(779e) Mechanistic Insights on Catalytic Ethanol Steam Reforming

Conversion of bio-derived oils and feedstock with high concentrations of oxygen-containing hydrocarbons into chemicals is a highly desirable objective for environmental and economic sustainability. The production and use of chemicals synthesized from oxygenated feedstocks primarily derived from bio-based sources is projected to grow from $3.6 billion in 2011 to $12.2 billion by 2021. However, no efficient technologies exist for such a conversion because current chemistries rely on catalysts that have been developed for processing natural gas and petroleum fractions with low oxygenate concentrations. To advance progress in chemical synthesis from bio-derived feeds the fundamentals of adsorption and reactivity of oxygenates over metal catalysts, such as Rh, must be better understood.
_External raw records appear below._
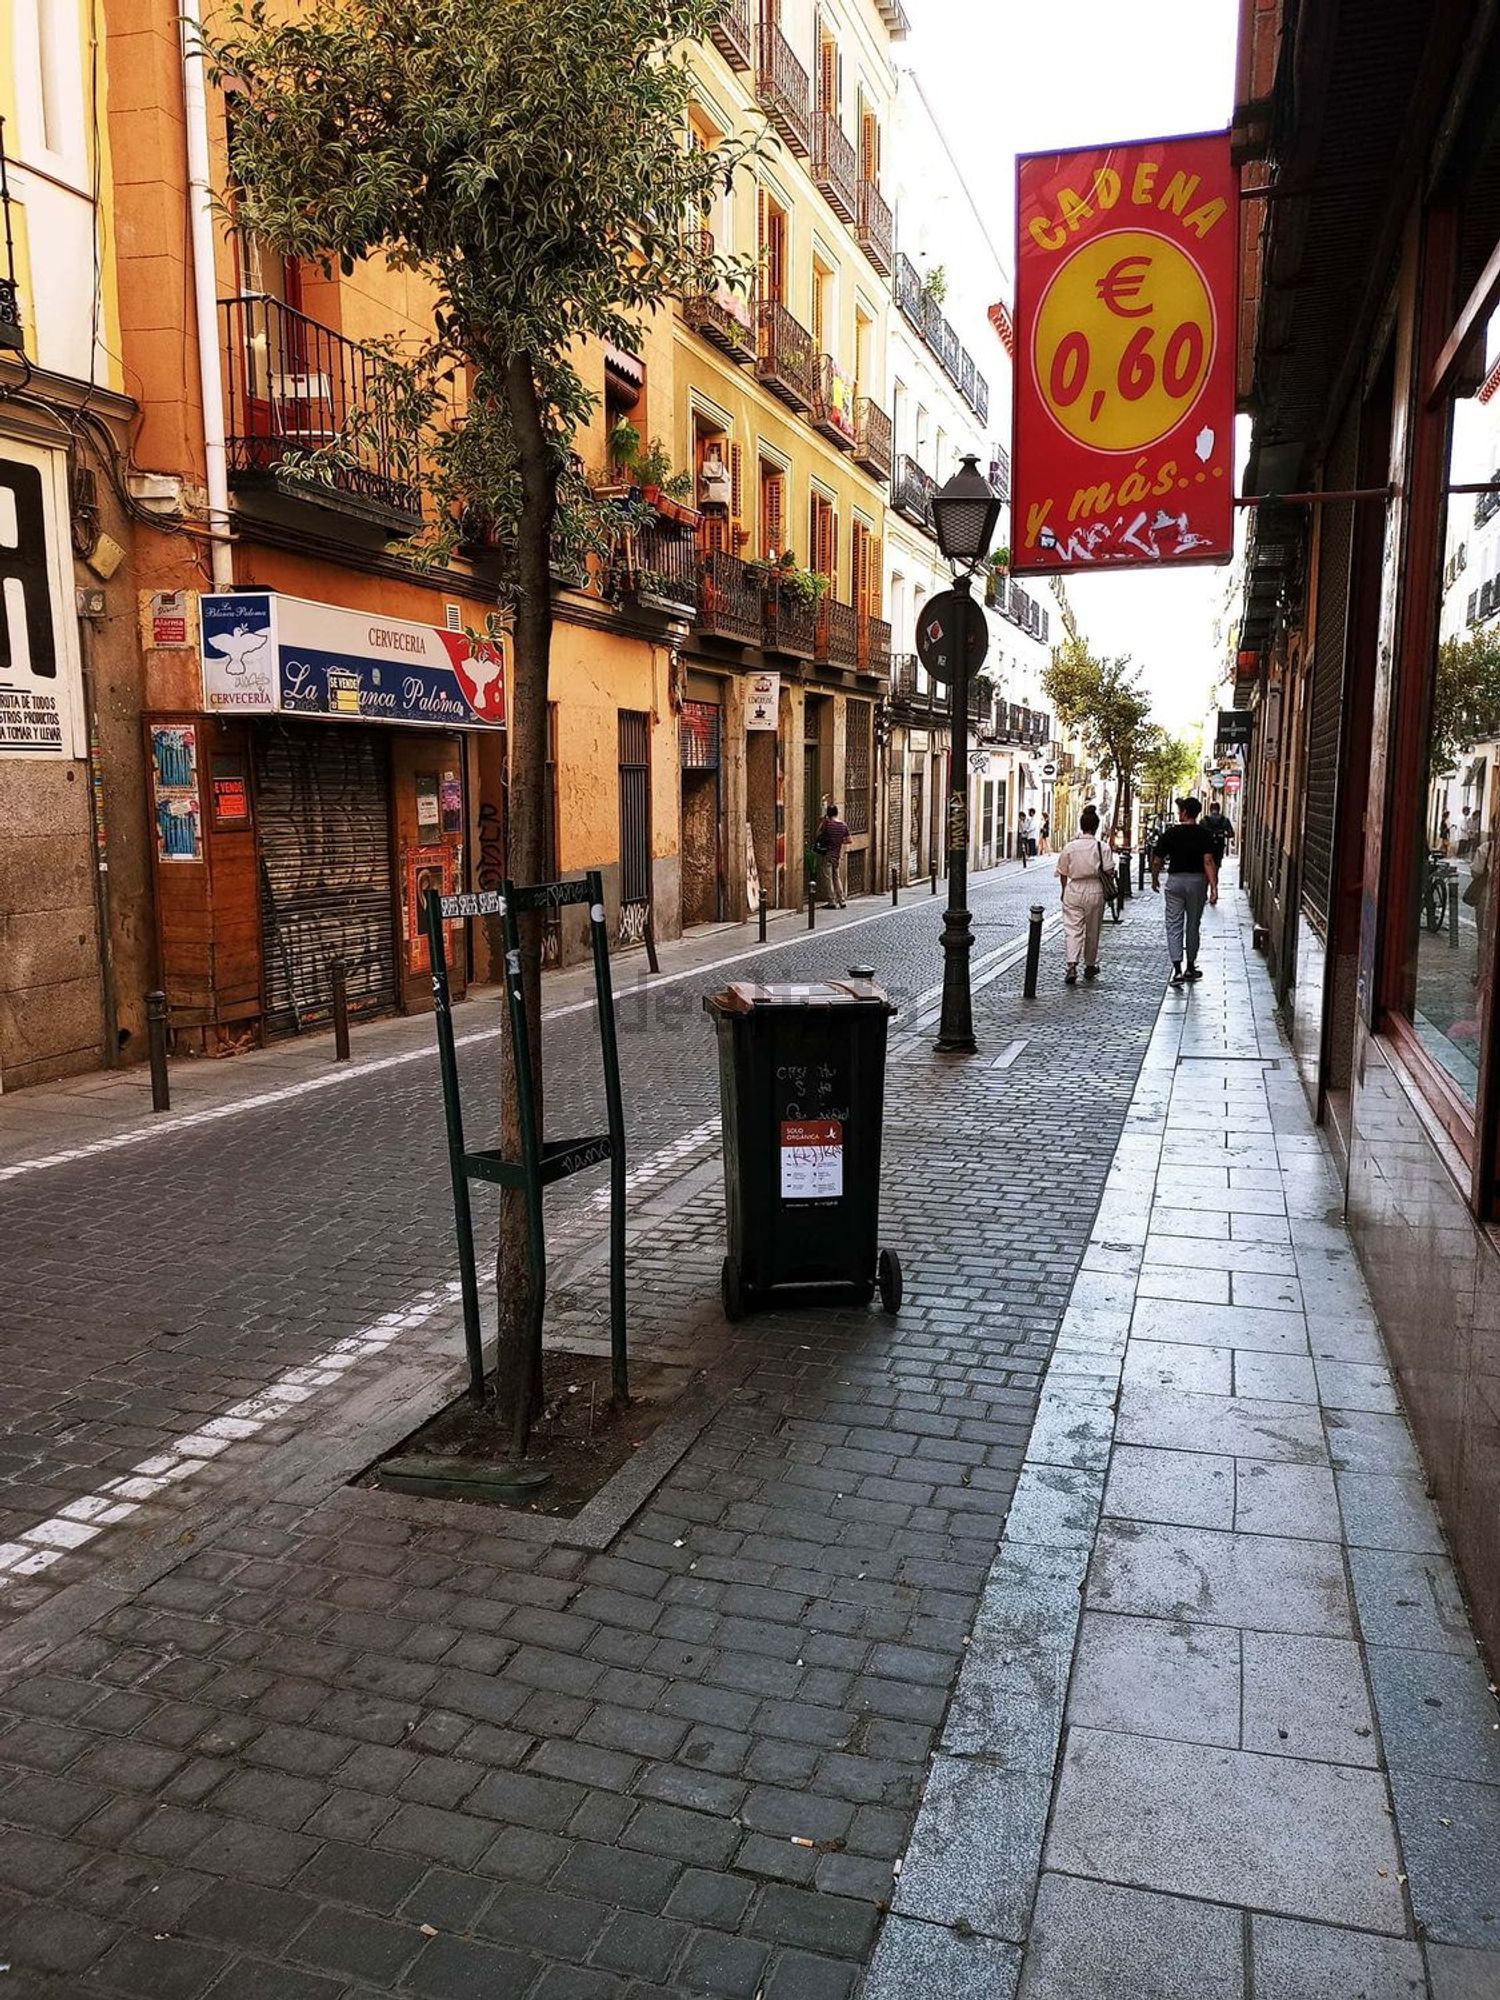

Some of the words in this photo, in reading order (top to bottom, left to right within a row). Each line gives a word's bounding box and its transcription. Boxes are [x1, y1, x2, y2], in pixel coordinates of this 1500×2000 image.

[1028, 162, 1228, 251] CADENA
[1095, 255, 1153, 318] €
[1050, 321, 1204, 423] 0,60
[235, 605, 267, 618] Paloma
[283, 661, 319, 701] La
[402, 676, 462, 713] Paloma
[330, 675, 339, 689] SE
[339, 677, 358, 690] VENDE
[21, 695, 31, 709] DE
[31, 696, 56, 710] TODOS
[7, 726, 33, 740] TOMAR
[33, 727, 39, 740] Y
[220, 781, 243, 794] VENDE
This will enable development of new technologies for oxygenates with promising catalysts formulations.

Ethanol steam reforming (ESR) has been widely explored as a test case in order to identify appropriate catalyst materials for oxygenate reforming as well as to elucidate the reaction scheme governing the process. A primarily classic approach to reaction model development has previously been employed, focusing on measured quantities of the products over a range of test conditions combined with a proposed set of equilibrium reactions to match observed experimental data. Through work of this type, it has been shown that there are myriad competing reactions contributing to the overall mechanistic understanding of ESR. However, in a recent review on catalytic ESR by Hou et al., the authors highlight that there is no agreed upon reaction pathway for the overall ethanol steam reforming process. Here we seek to provide new insights on the reaction pathways involved in steam reforming over a Rh-based catalyst.

The low-temperature ESR reaction mechanism over a supported Rh/Pt catalyst was investigated. An unprecedented level of understanding with respect to the dominant reaction pathways, the contribution of each metal to the product distribution, and the role of the support was achieved. Both the recombination of C-species on the surface of the catalyst as well as preservation of the C-C bond within ethanol are responsible for C₂ product formation. The onset of ethylene, a common byproduct observed after catalyst deactivation, does not occur until incomplete ethanol conversion is observed. In addition, we quantitatively show that 57% of observed ethylene is formed directly through ethanol dehydration. Finally we provide clear evidence that oxygen in the silica-zirconia support likely constitutes 10% of the CO formed during reaction.